記録や体験者の記憶を収集し、社会変化などを実態的にとらえた、新たな「旅行史」・・・とあります。
第一巻 生きる

第二巻 寿ぐ(ことほぐ)

第三巻 楽しむ

読み応えのある本です。
“人に逢う”・・・仕事であろうがなかろうが、私はこれがとても好き。いったいいままで何千人の方、何万人の方々とお逢いしてきたでしょう。お逢いした人から多くのことを教えられ、そこからまた、人の暮らしの深遠をたずね、好奇心は際限なく募るばかりです。
それもこれも根っこはひとつ。
宮本常一(1907-1981)の一冊の本に出会ったからだと思います。
忘れられた日本人
中学生の時に図書館で手にし、「スゴイ人がいる!」と夢中で読んだ本でした。民俗学者で、農村指導者であり自分の足で地球を4周するほどの行程をヅック靴とこうもり傘をリュックに引っかけ、半世紀にわたり訪ねた村々は3000以上。日本の僻地離島を隅々まで歩き、離島振興に情熱を注いだ人。これが、私の最初の情報でした。
この日のそれぞれの方のお話は大変興味深いものでした。
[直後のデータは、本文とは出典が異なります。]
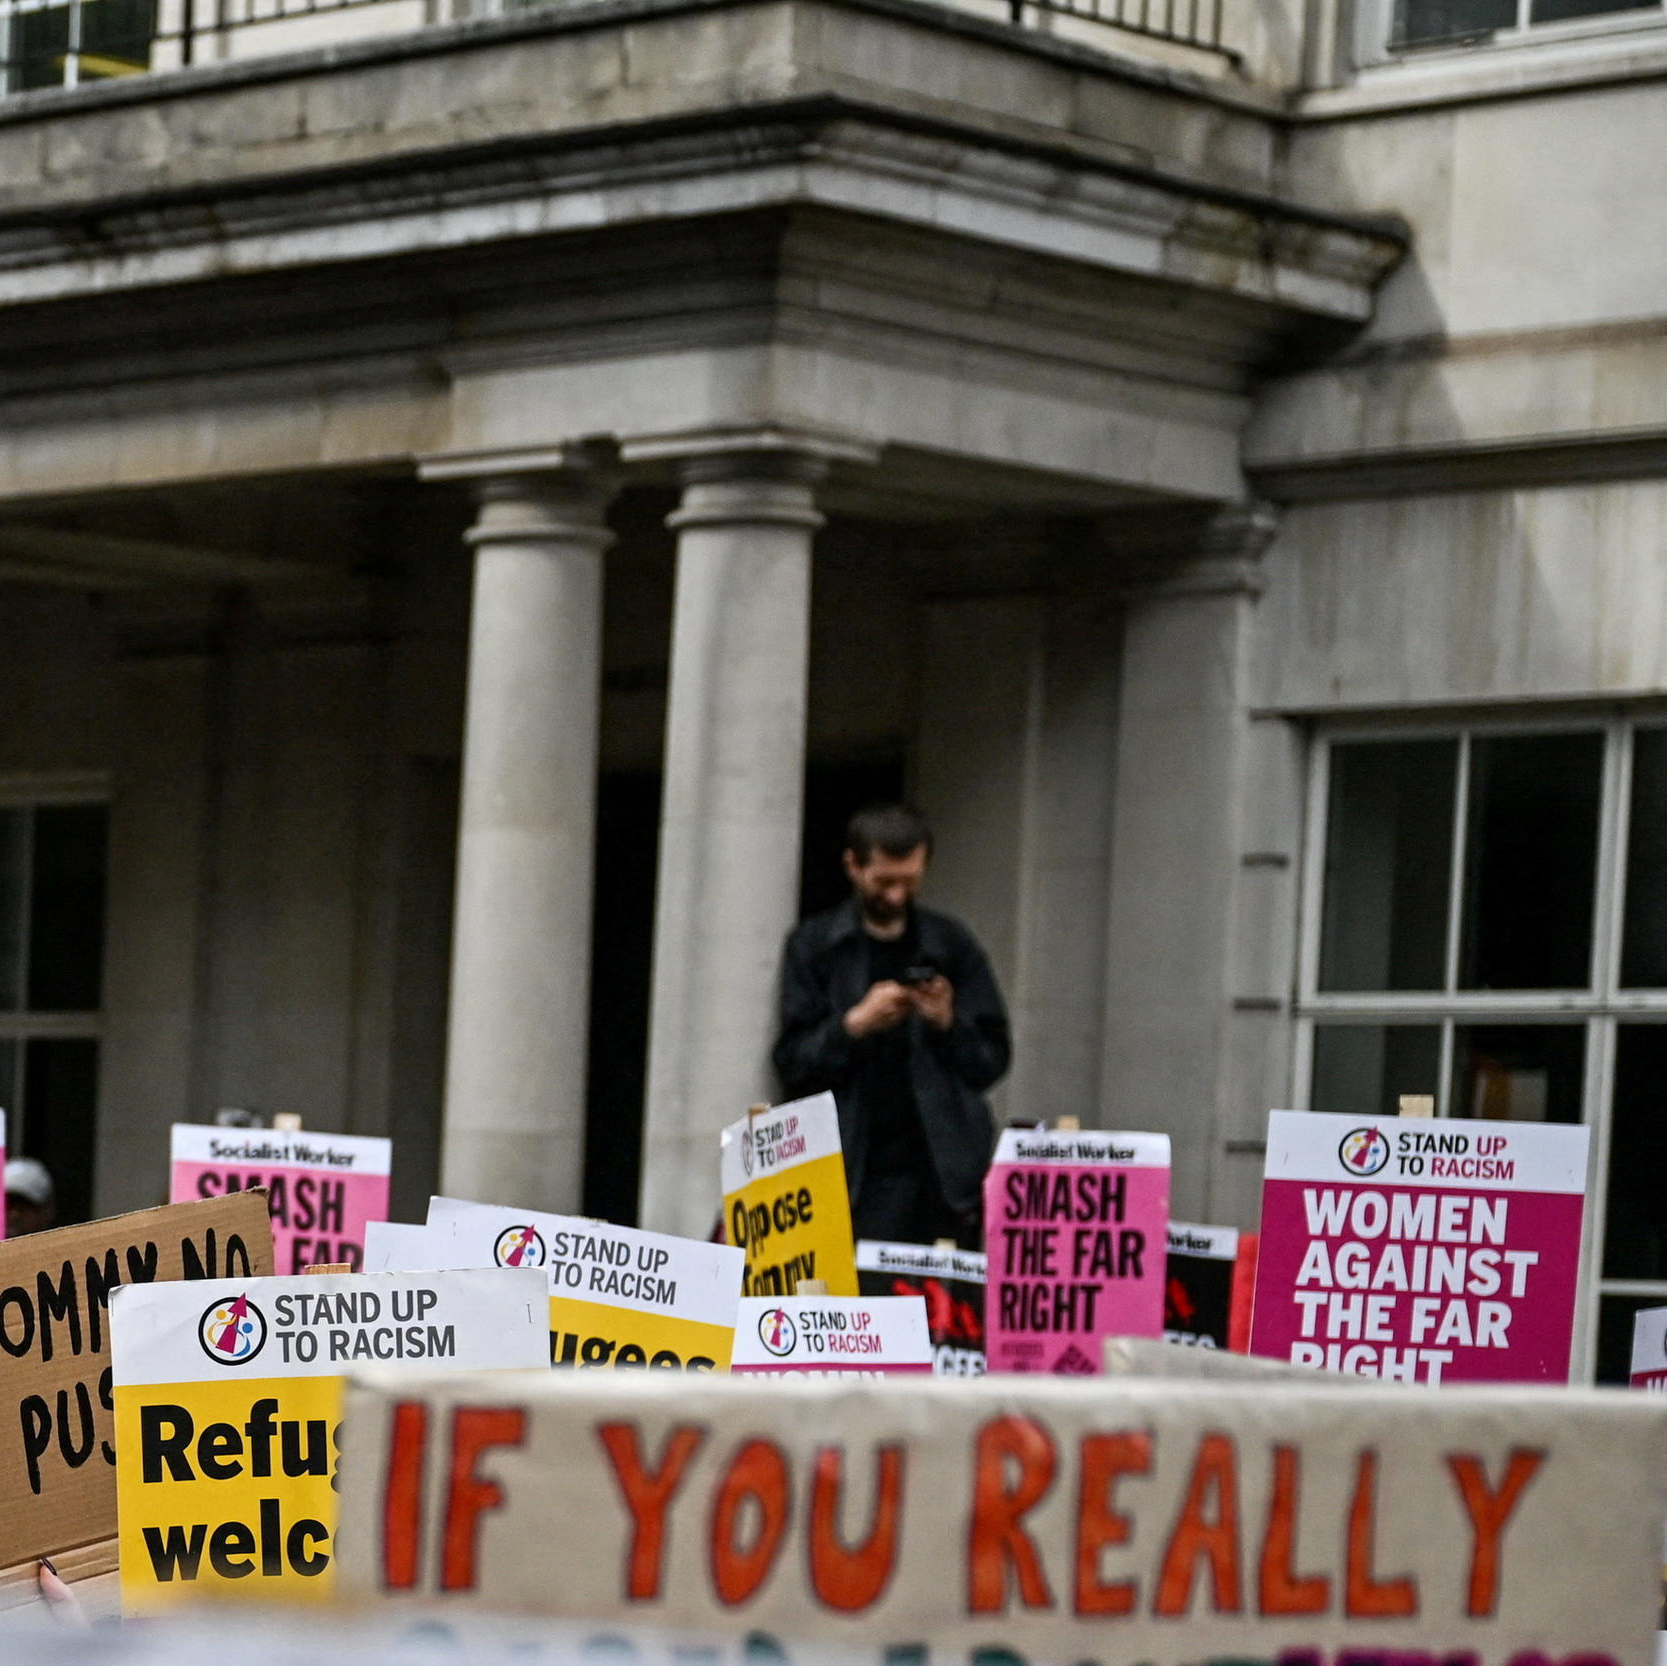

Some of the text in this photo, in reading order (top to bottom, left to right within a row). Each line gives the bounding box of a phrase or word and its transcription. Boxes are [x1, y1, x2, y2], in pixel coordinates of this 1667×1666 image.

二代目高橋竹山さんの津軽三味線。先代はまだ”門付(かどつけ)”をしながら盲目の身を全国行脚されておられ、後に二代目と一緒にニューヨークやパリでの公演も大成功でした。目をつぶりながら音色を聴いていると日本の風景が浮かんできます。
神崎先生の「宮本常一の旅学から」も勉強になりました。
〇 旅に出なさい そして、タスキを繋ぎながらそのタスキを若い人に繋いでいく。その場所に行ったら高いところに上ること。などなど。
先にもお話いたしましたが、私は仕事がら出会う人も多く、出会った方から多くの心もいただきもしました。実際、学校というのは社会のいたるところにあり、田んぼで作業する腰の曲がったおじいちゃんに日本の農業の絶望を昔聞いたことがあります。海辺で網をつくろうおばあさんに、港町の歴史を聞き、山また山の奥の木地師の古老に山の掟を学びました。
日本のいたるところに師がいる。私の旅はそういう無名の師に出会う旅だったようにも思います。私に話してくれたことを折りにふれ思いだします。
海外からたくさんの観光客の方々が日本にお越しくださいます。かつての旅と現在の旅は大きく変化しています。かれらが求めているほんとうの『日本』の旅とは何んなのでしょうか。
私の好きな岩手県遠野。柳田国男の遠野物語の世界は、ないと思えばなく、あると思えばあるのです。地方の至るところで、良き文化を必死で守っている人たちがいます。
宮本常一が歩いたように、私も一人でポツポツと歩きたくなりました。そう誰も行かない寒い寒い季節に行けば、もう遠野はすっかり民話の宇宙。
この日は一日、フォーラムで旅をしておりました。